The Four Enemies – Enemy #1: Your Mind

The following is part of a work in progress for a project on health and fitness.

“Until you make the unconscious conscious, it will direct your life and you will call it fate.” -Carl Jung

I was originally going to list this first enemy last (for dramatic effect). But I’ve instead listed it first because it is so important and because the other enemies feed off it.

We like to think our thoughts and our decisions are our own. The reality is, for the most part, they are not. 

We are driven and, to a large extent, controlled by our unconscious impulses. Evolutionary reflexes that push us to avoid the uncomfortable, escape the painful, and seek out what feels good. Our biological wiring acts like an invisible puppeteer, pulling the strings that steer you to skip that workout or reach for that ice cream, even if at times you are in tears because you want so badly to get into shape. You want to do the right thing, but those unconscious impulses are powerful, extremely powerful, and they are in the driver’s seat.

This is a very difficult concept for us to accept. It is a thought that is uncomfortable, threatens our ego, and ruffles our very perception of reality. It challenges our notions of who we are and even the nature of life itself. (No wonder we don’t like to even consider this.)

It would be tempting to reject or reflexively (unconsciously?) stick our heads in the sand and pretend these unconscious drivers aren’t real. That won’t help anything. Rather, we need to embrace it as part of the human experience; as part of our personal human quest in this life to overcome the baggage of our inherent human flaws and sculpt ourselves into the best version of us that we can be. That quest is a gift. (But more on that in another post. – see religion) (See Rocky and other articles, posts on this)
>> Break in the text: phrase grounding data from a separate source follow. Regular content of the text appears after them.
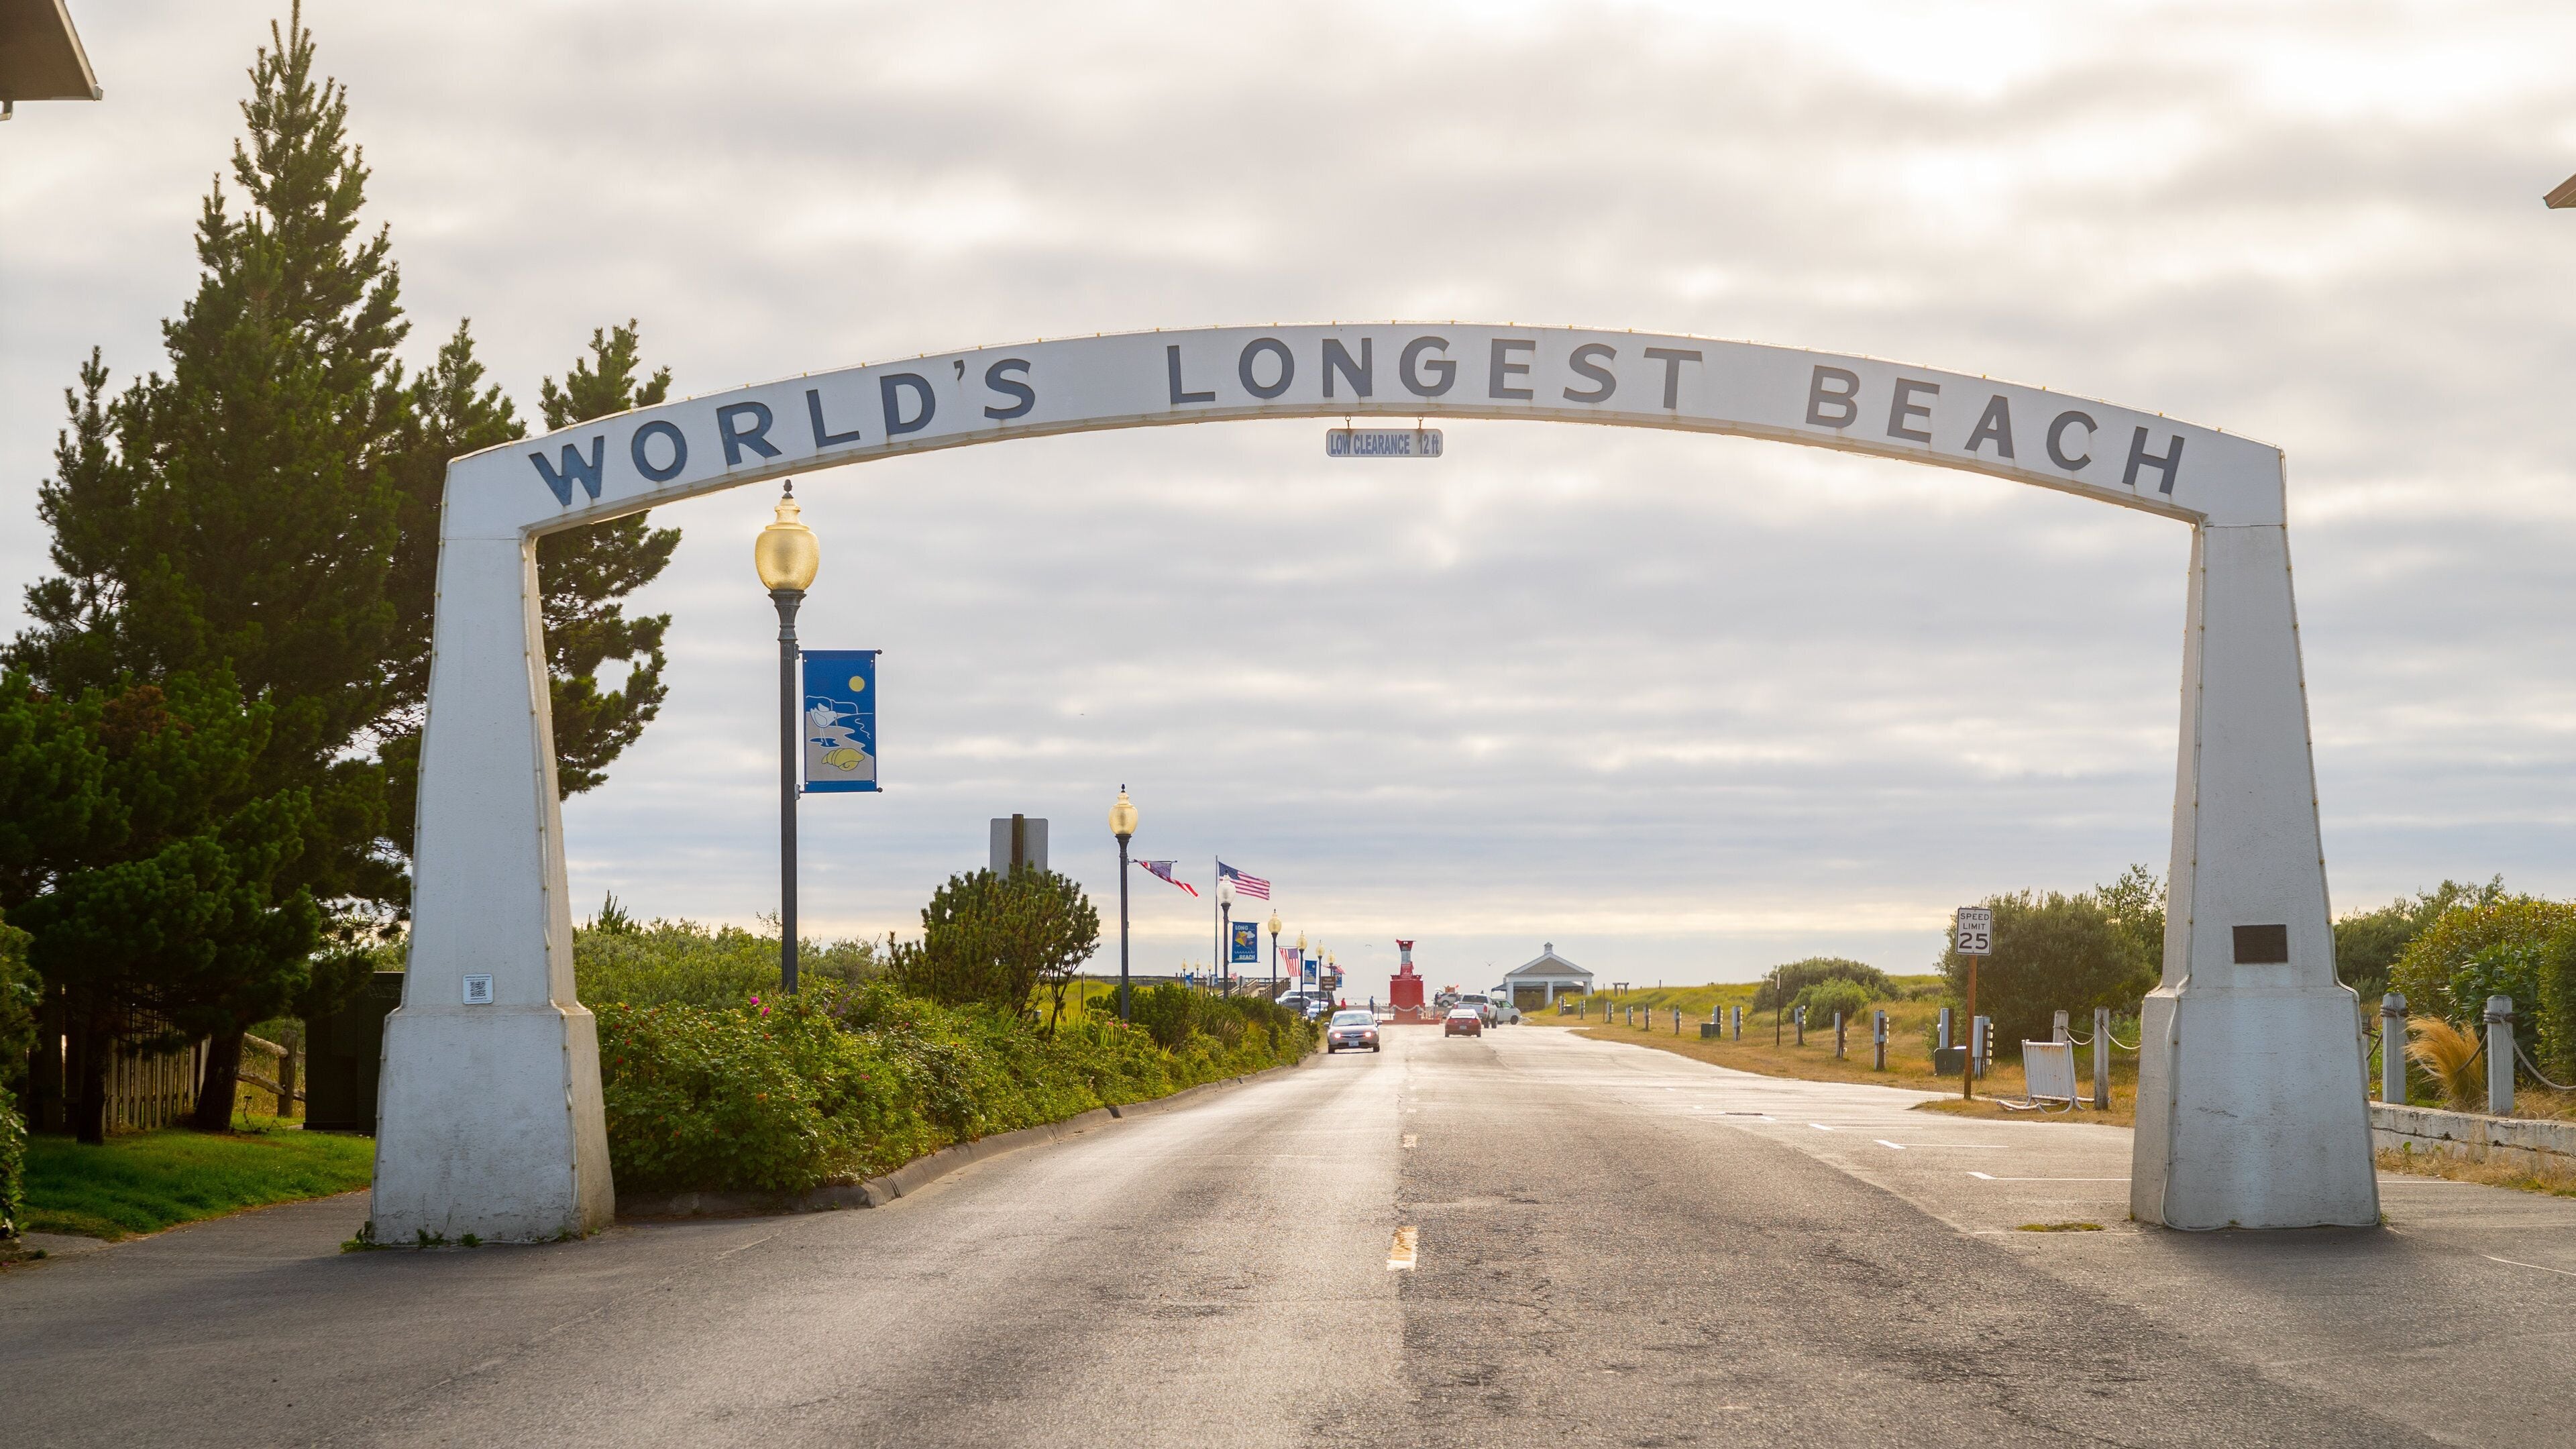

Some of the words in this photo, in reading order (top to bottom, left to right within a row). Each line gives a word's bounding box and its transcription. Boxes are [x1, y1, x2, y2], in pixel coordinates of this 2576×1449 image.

[528, 358, 1036, 507] WORLD'S
[1167, 335, 1703, 410] LONGEST
[1805, 364, 2186, 495] BEACH
[1330, 434, 1351, 455] LOW
[1354, 434, 1410, 455] CLEARANCE
[1418, 434, 1430, 455] 12
[1432, 434, 1439, 455] ft
[1959, 932, 1988, 950] 25
So how does that invisible puppeteer, the unconscious, control you? It has several tools at its disposal. One way is that those unconscious impulses manifest physically. If the thought of going to the gym makes you nervous, or you really want that ice cream, there are physical actions that occur in your body – often without you knowing – that influence your thinking. Your heart races, your blood pressure increases, your breathing quickens, your muscles tense. It is mental discomfort manifesting as very real physical discomfort that compromises your thinking and pushes you toward an action (usually seeking comfort). 

The tools aren’t just physical. Those unconscious impulses also attack your mind, bombarding it with mental messages, obsessing over things, providing anxiety-ridden narratives and stories that justify a way out. 
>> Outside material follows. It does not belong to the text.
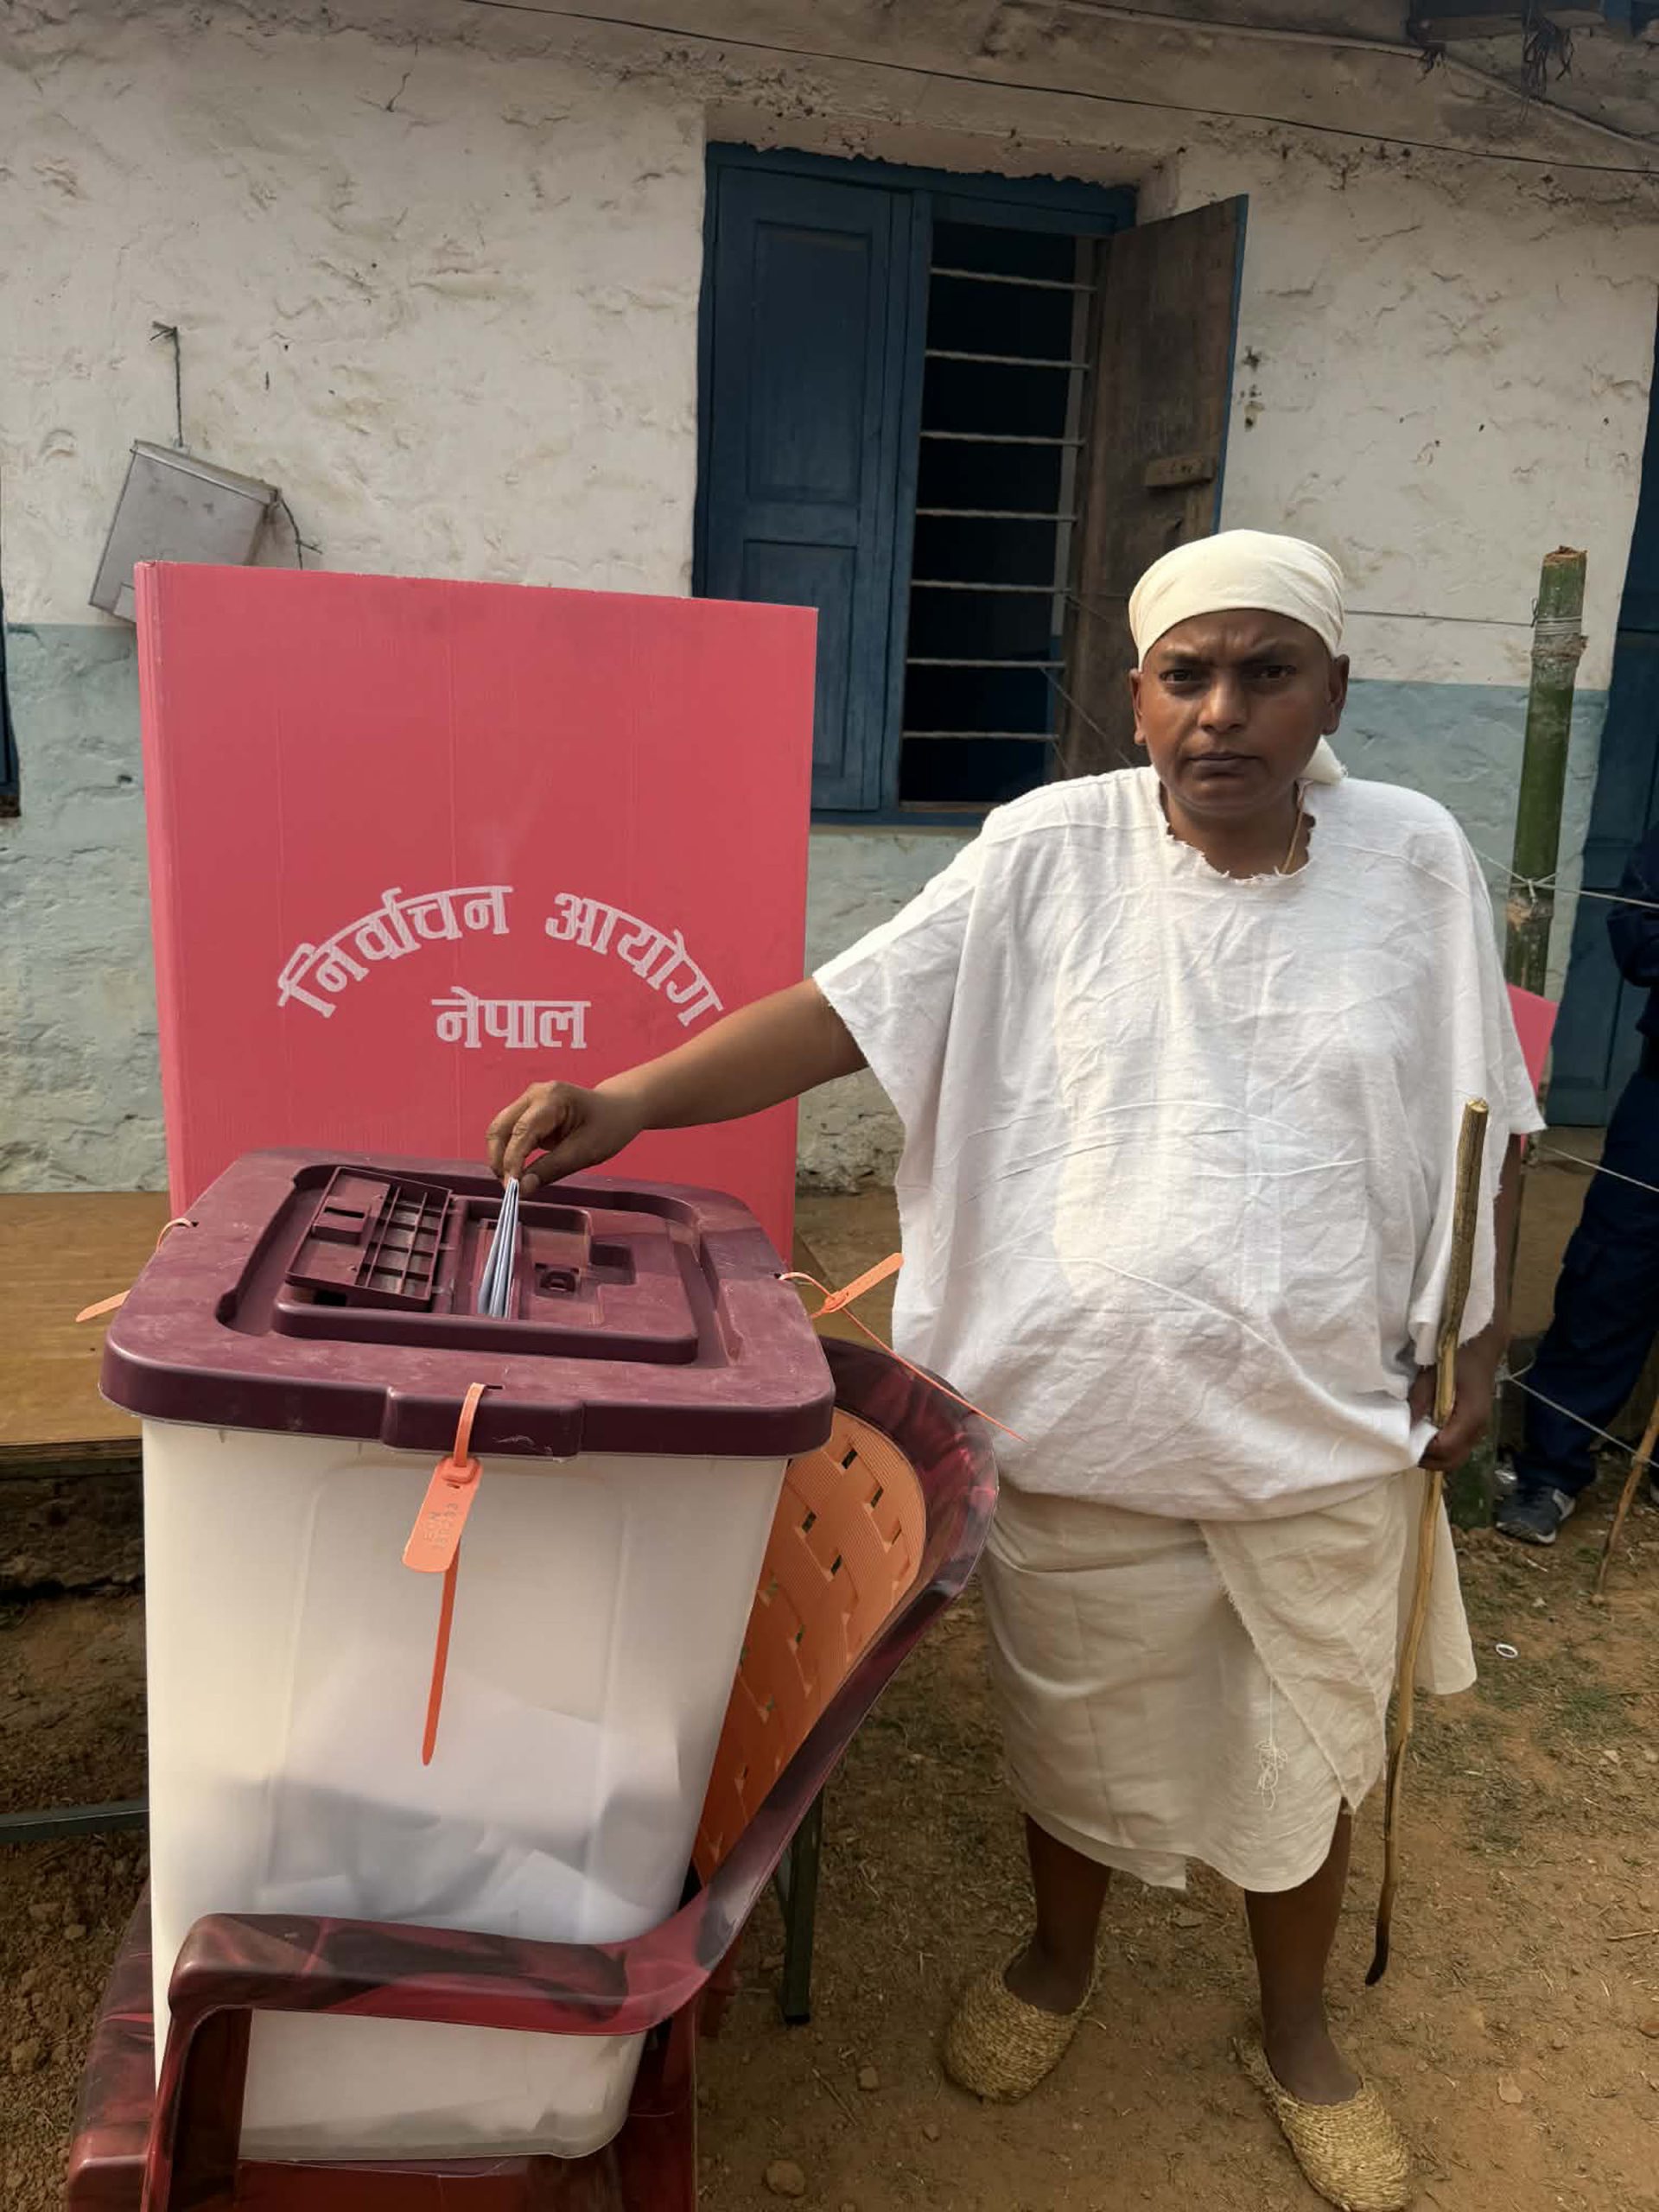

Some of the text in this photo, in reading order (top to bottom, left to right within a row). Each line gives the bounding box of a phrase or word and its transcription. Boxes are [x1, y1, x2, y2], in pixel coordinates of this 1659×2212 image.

[277, 885, 724, 1027] निर्वाचन आयोग
[431, 986, 591, 1048] नेपाल
Both of these sets of tools – the physical and the mental – subconsciously push you toward an action (quitting or caving) that you may not intellectually want to do. They act as irritants, much like an itch that builds and builds until you break and scratch it.

The more this happens, the harder things get. Stress manifests as tense, tightened muscles that often stay that way without you knowing, altering how you feel until you actively work to alleviate it. Your reflexes and impulses reinforce wiring and behavior so certain reactions become automatic, even if intellectually you don’t want to react that way.
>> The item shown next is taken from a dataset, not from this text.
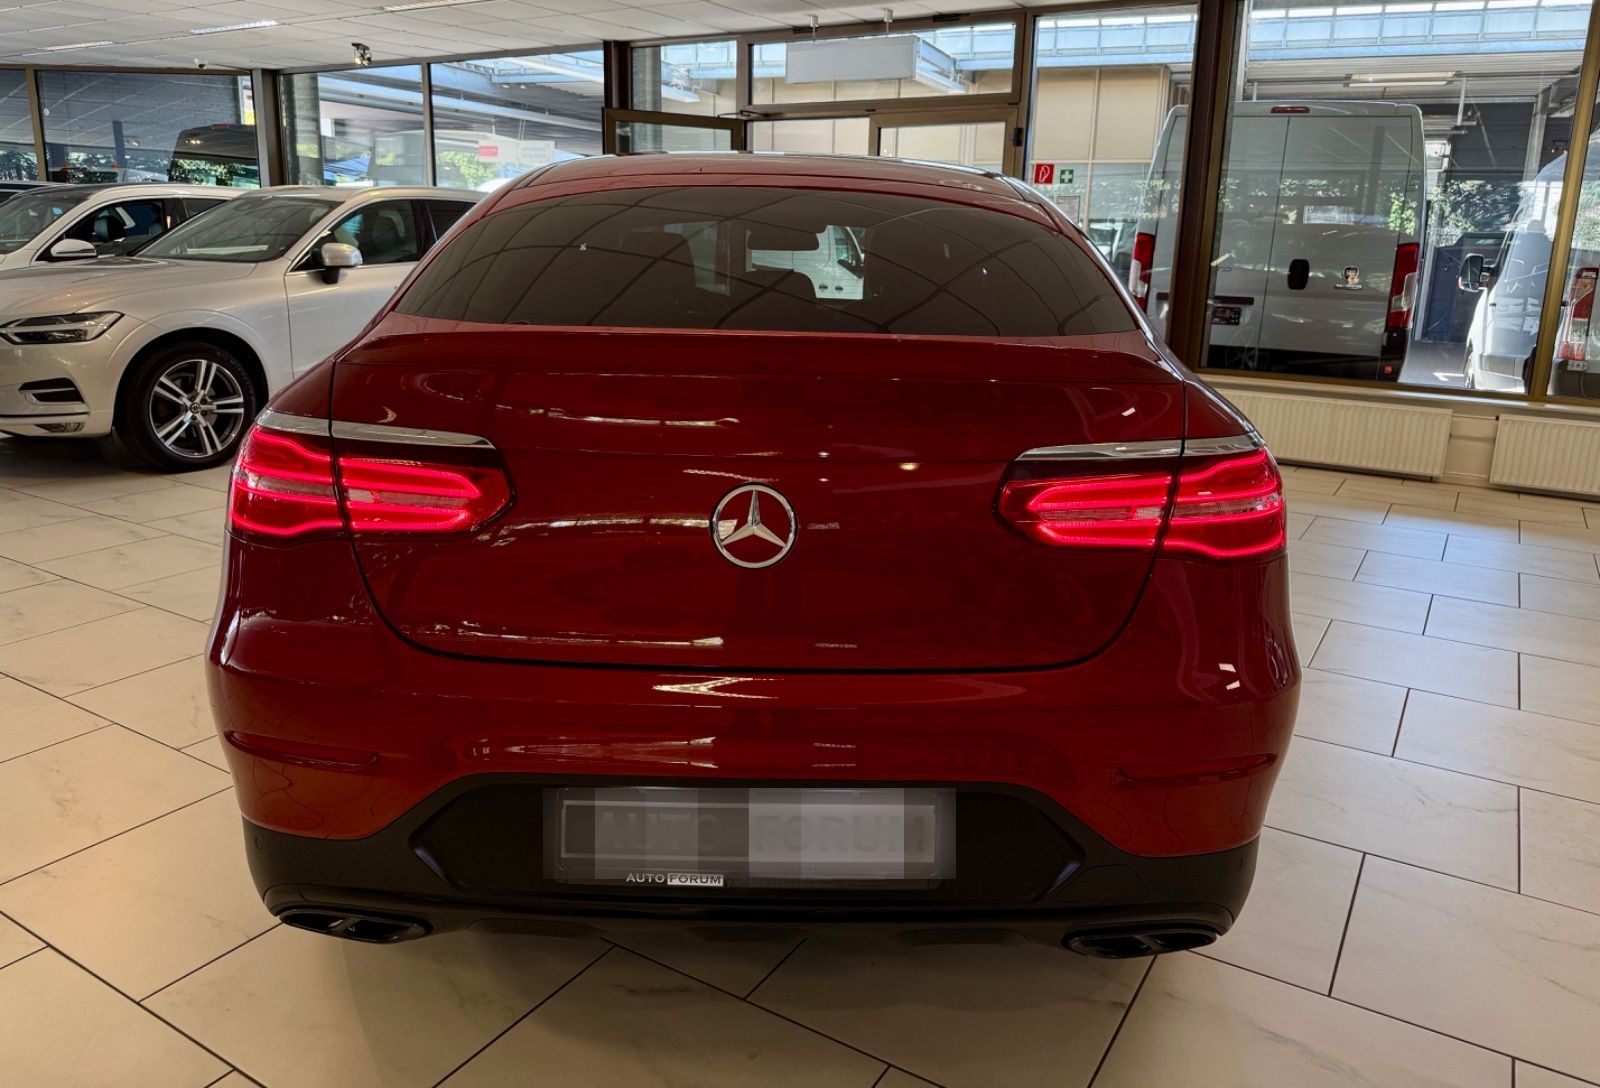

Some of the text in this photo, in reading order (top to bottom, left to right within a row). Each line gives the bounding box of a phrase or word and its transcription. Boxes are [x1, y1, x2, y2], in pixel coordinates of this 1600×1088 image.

[593, 812, 925, 852] AUTO FORUM
[626, 873, 665, 883] AUTO
[669, 874, 721, 884] FORUM
Without exercising our mindfulness muscle, these unconscious drivers never come to light. That’s why simply doing physical exercises isn’t enough. We need to actively put in effort to work on our awareness and mindfulness, to make the unconscious conscious, if we’re going to successfully navigate our fitness journey. The more we can do that, the more we can wrest control from our reflexive puppetmaster. But it takes work.

There was a time I probably would have been the last person anyone would expect to do meditation. And when I talk about it with some people, I sometimes harken back to that, and a part of me still feels embarrassed of the words coming out of my mouth. I understand it sounds on the surface to be all woo woo. But the benefits are very real.

Meditation can help you grow your awareness of the monkey mind; that voice that bombards you with reflexive, instinctual messaging. The constant talk in your head. The more you meditate, the more you recognize that voice as just an animalistic reflex, the more you build that awareness muscle, and the more you begin to take control of your reaction to it.

Body scan meditation is a real eye-opener. In a body scan meditation, you mentally focus on each part of your body, and you work to relax each body part. The first few times you do it, really do it, it is shocking when you discover how tense many of your muscles constantly are without you knowing it, and how the body holds tension in various places, and how that constant, unconscious tension can impact how you feel.

And then there are ultras. I’ve often described ultras as meditation on steroids. It is a profound exercise of you versus your monkey mind. Deep into an ultra, your lizard instincts are on overdrive. The signals from your body and the voices in your head are screaming at you. But your conscious, analytical self – if you can cultivate it – understands the situation and that you can do this. It is a constant battle between the unconscious puppeteer and your conscious self. You are thrust into a space between impulse and action. And if you can tame the impulse, you can control the action. An ultra shines a spotlight on that moment, but it really is a battle we are in every day of our lives.

The journey toward mastering these tools is riddled with failure. And your instincts will tell you to avoid failure. But don’t. Constant exposure to this failure builds experience. That growing experience helps sculpt us into something greater, something stronger. Something closer to being a master of ourselves.